One of the biggest shadows that I think still looms over HIMYM is the large misstep in season
five where the show experimented with essentially hitting the reset button at
the end of each episode, and that in an attempt to compensate for that ill-advised
moved, the show has been relying on serialized plots more heavily than they ever before,
building them up in season six and even more in this season. (Okay, I could be
wrong about that, but it certainly feels that way by comparison. Nobody watches
television episodes in a bubble.)
One of those plots last season was the death of Marshall’s
father, which while it became the strongest subplot of the entire season (and probably the series), it also had a
fairly divisive introduction, in the guise of “Bad News”. (You know, the
“countdown episode”.) So for the show to more or less bring back the memory of
that episode by making this episode, which also aired very shortly after New
Year’s and focus on the death of Marshall’s father (there it was his passing,
here it was the remembrance of the event) feels sort of ballsy. I realize that
this wasn’t the episode’s intention, as Marshall at his dad’s grave was mostly
the framing device for the A/B/C-stories, but reducing Marvin’s death to yet
another gimmick – albeit a gimmick that’s part of the show’s DNA, and that works much better than the
countdown ever did – is something that most other shows would shy away from,
especially considering that such a gimmick didn’t play as well the first time
around.
But this is How I
Met Your Mother, a show that revels in its dramatic moments of pathos,
especially in its later seasons, so I think we can forgive the show for going
back to this well (again, it helps that it mostly worked). Besides, in the
light of everything else, that’s a fairly small quibble. And what was this
everything else? Why, it’s three separate stories of Marshall’s friends of
course. I don’t begrudge the show for breaking down the episode into such a
simplistic manner, as they done it like this many times before, but I think
where the episode went wrong was that in trying to mix two stories of pathos
with one that’s purely comedic, it ends up shortchanging all of the stories.
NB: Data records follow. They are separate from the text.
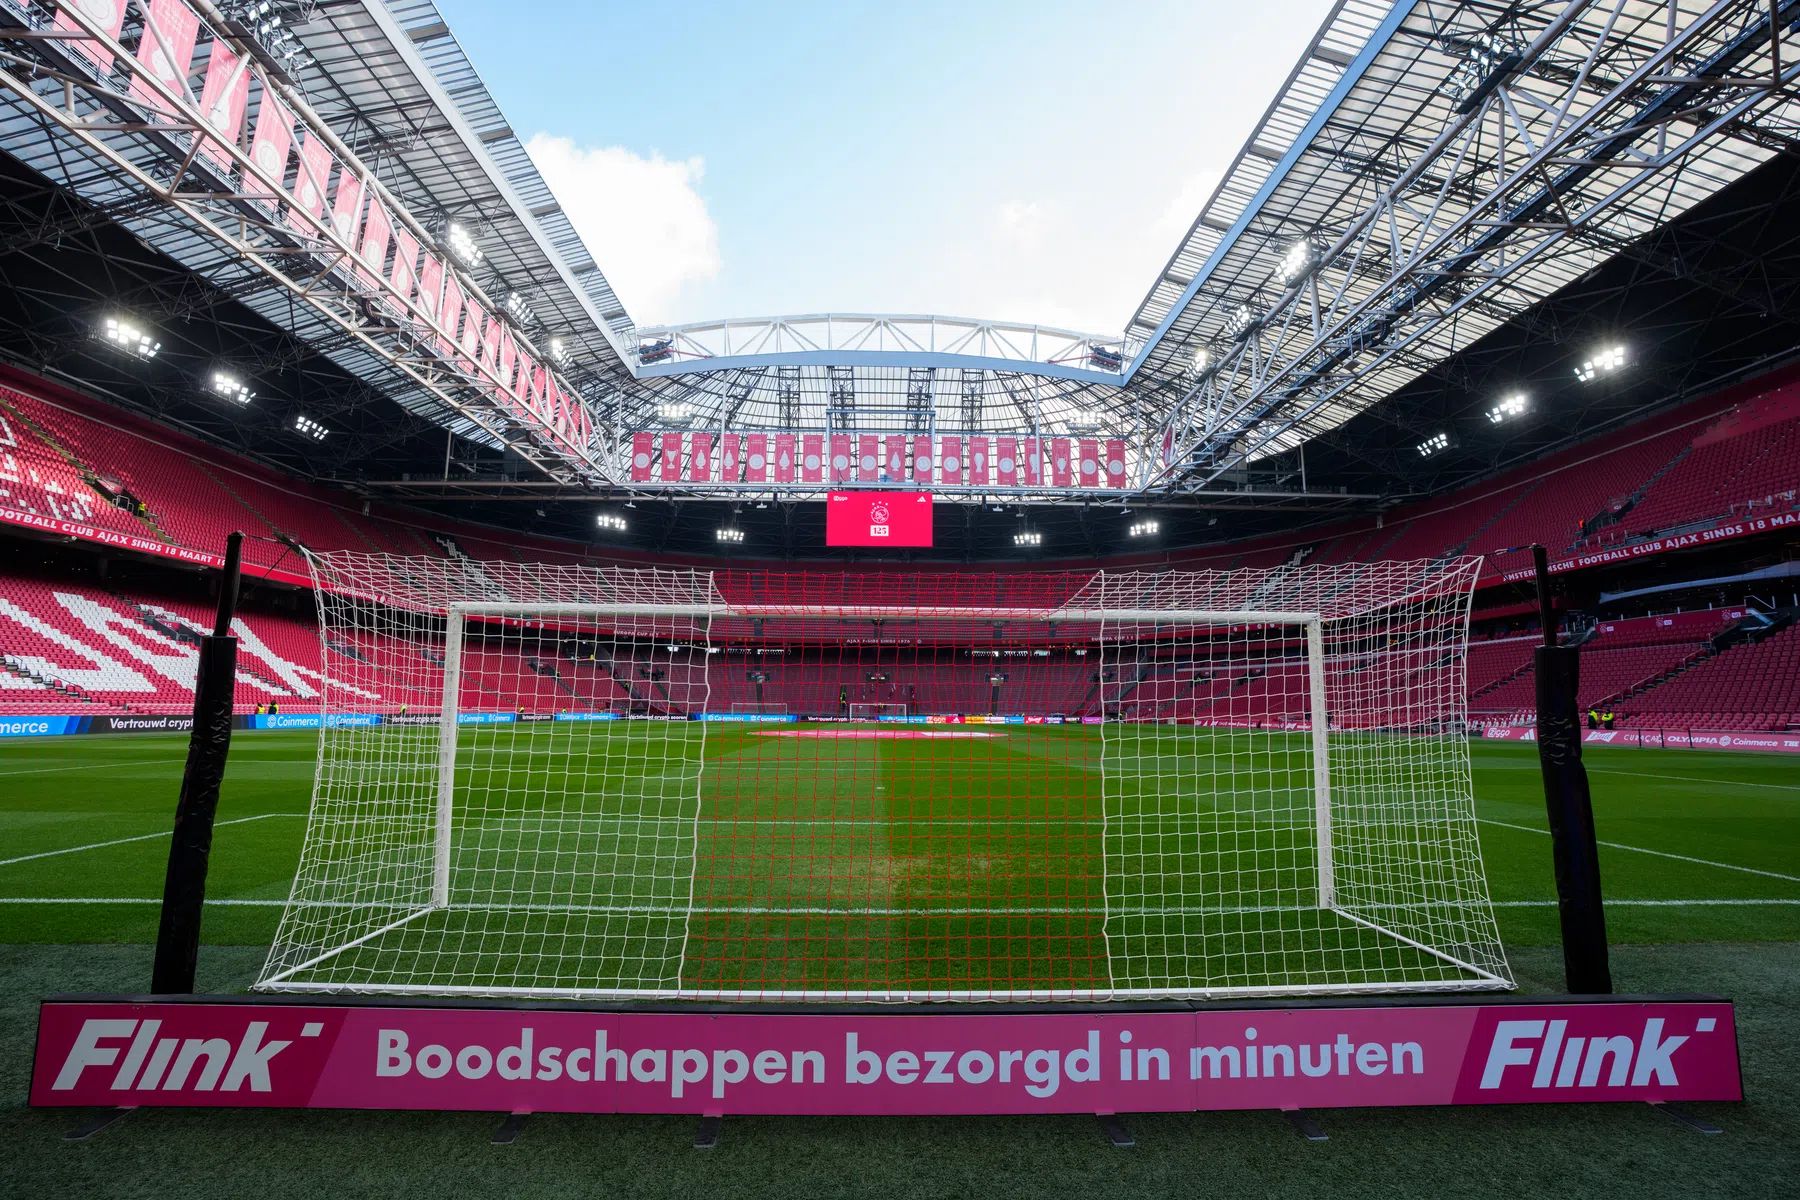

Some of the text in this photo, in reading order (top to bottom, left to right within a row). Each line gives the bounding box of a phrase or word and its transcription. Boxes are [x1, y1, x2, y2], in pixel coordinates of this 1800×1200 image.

[61, 522, 95, 538] CLUB
[97, 532, 129, 545] AJAX
[131, 539, 162, 553] SINDS
[165, 546, 177, 556] 18
[179, 550, 213, 564] MAART
[873, 527, 887, 535] 125
[1578, 551, 1630, 567] FOOTBALL
[1632, 542, 1662, 555] CLUB
[1665, 533, 1700, 549] AJAX
[1702, 525, 1743, 541] SINDS
[1749, 519, 1766, 531] 18
[110, 717, 166, 729] Vertrouwd
[278, 716, 318, 727] Coinmerce
[1667, 735, 1718, 744] OLYMPIA
[1733, 738, 1778, 747] Coinmerce
[51, 1018, 294, 1093] Flink
[376, 1027, 1424, 1099] Boodschappen bezorgd in minuten
[1479, 1017, 1691, 1090] Flink
The two stories of pathos – those of Robin and Marshall
& Lilly – were clearly set up to exist on the two ends of the pathos
spectrum, with Marshall and Lilly’s stories banking on pre-established
knowledge to deliver the emotional goods, whereas in Robin’s the uplifting
moment comes out of a plot development, to the end that that feels like the
most important thing about her storyline. This is not a mark against it, nor an
attempt to downplay what either of the two stories was trying to accomplish, as
they both mixed pre-established emotional baselines and plot development,
albeit in different proportions.
But the importance of this dialectic between the two
stories isn’t so much about how they chose to tell their stories, but why. As
I’m sure everybody remembers, Robin has been through a lot this season, what
with the resurgence of her crush on Barney and the therapy and dating her
therapist and then cheating on him with Barney and then that frustrating
pregnancy scare, and while all of these make sense in their context, as each development
more or less built on the other before it, but looking at it now, it’s easy to
see a pattern on rubbernecking, of the show flailing about to give Robin, its
historically most underused character, something, anything substantial to do.
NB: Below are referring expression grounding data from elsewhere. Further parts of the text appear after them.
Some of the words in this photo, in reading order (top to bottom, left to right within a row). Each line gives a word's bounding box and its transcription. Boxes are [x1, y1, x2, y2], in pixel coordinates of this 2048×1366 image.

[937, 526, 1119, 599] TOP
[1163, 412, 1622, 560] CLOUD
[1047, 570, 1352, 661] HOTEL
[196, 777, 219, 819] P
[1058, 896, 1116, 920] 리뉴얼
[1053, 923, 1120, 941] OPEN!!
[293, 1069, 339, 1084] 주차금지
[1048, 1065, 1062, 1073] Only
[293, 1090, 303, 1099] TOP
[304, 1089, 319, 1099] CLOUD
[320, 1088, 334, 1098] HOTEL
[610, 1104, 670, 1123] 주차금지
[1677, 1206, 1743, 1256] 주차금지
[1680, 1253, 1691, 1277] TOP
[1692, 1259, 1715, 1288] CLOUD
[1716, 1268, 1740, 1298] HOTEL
In truth, I don’t think I would have come to this
realization were it not for this latest development, which sees Robin suddenly
set upon a new career path thanks to a series of fortuitous events lands her to
host her news channel’s New Year’s Eve program. As an idea, this should work;
the show has often shown Robin struggling to land any sort of significant gig
in her career, and at this late point in the show’s run, this feels like the
kind of story that should be told before an endpoint is reached. (HIMYM is show best served by happy
endings, it’s quite possible next season will be their last, etc.) However,
because we spent so much time this first half of this season worrying about
Robin’s personal life, and we ended on something so heavy (and divisive) as
that pregnancy scare, focusing on her career feels very unsubstantial at best,
and like backpedaling from a controversial plotline at worst. (This to say
nothing of the fact that the show has thrown out yet another future plotline
that it will have to deal with later.)
And this all comes back to the story-allotment issue that
I brought up earlier. While following Robin around as she set about looking
after Sandy did make for some inspired moments, this probably wasn’t the best
comedic storyline to connect to a moment of pathos, given how little time there
was to develop that closing beat within the episode. (I’d also argue that
trying to mine comedy out of another Robin/Sandy team-up wasn’t all that
original either, but I think that if this had been a more disposable plot, I
wouldn’t have minded it for what it was.) Frankly, my wind was still on the
whole pregnancy scare, so it was quite the whiplash to go from there to remembering
that Robin worked as a national news station and that she wasn’t happy there, and
with all those Sandy Rivers jokes the ending just came up way too fast.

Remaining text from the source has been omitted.